Pubblicato: 08/04/2022 12:06

Antonio Di Fazio è stato condannato a 15 anni e 6 mesi per violenze sessuali. Le pene sono tre per diversi capi di imputazione che sommati fanno una condanna che supera gli anni chiesti dall’accusa. L’imprenditore farmaceutico Di Fazio era stato arrestato dai carabinieri nel maggio dello scorso anno con l’accusa di aver narcotizzato, violentato e fotografato una studentessa 21enne attirata nel suo appartamento. Oltre a questo, al processo con rito abbreviato, c’erano anche altre accuse per casi di abusi, sempre con uso di dosi di benzodiazepine, nei confronti di altre 5 donne, tra cui l’ex moglie, ricorda Ansa.

Condanna per il manager Antonio Di Fazio

La condanna per Di Fazio è stata decisa e comunicata qualche minuto fa dal gup di Milano Anna Magelli a seguito dell’inchiesta dell’aggiunto Letizia Mannella e della pm Alessia Menegazzo.

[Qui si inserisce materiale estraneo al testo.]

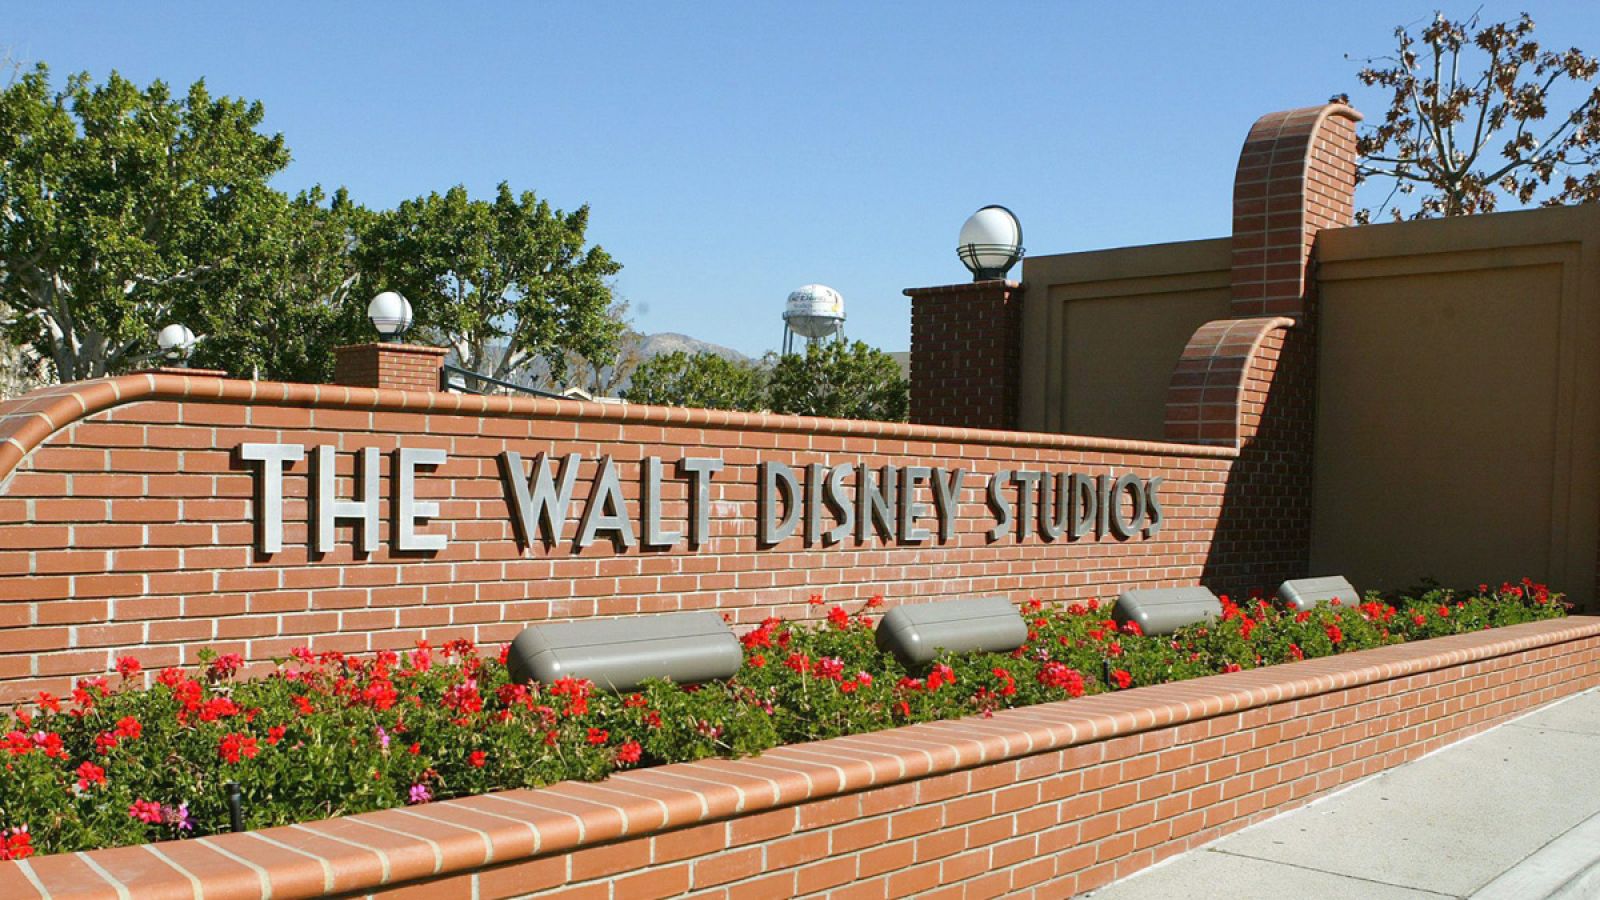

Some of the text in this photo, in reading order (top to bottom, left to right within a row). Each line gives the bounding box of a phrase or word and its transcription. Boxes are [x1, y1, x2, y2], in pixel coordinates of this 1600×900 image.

Quella a 15 anni e 6 mesi di reclusione è una condanna maggiore di quella chiesta dall’accusa, ed è successo perché il gup non ha riconosciuto la continuazione dei reati, ma ha invece emesso una condanna per gli episodi contro la ex moglie, una per la violenza della studentessa di 21 anni e un’altra condanna per gli altri episodi di stupro, riporta AdnKronos. L’imprenditore Di Fazio si trova da febbraio in una struttura psichiatrica ai domiciliari.

Oltre alla condanna, sono anche stati decisi i risarcimenti dovuti. Si tratta di 98mila euro per la studentessa e 14mila, invece, per altre parti civili. Bisognerà invece attendere altri 90 giorni per poter leggere le motivazioni della sentenza, quando quindi saranno rese note.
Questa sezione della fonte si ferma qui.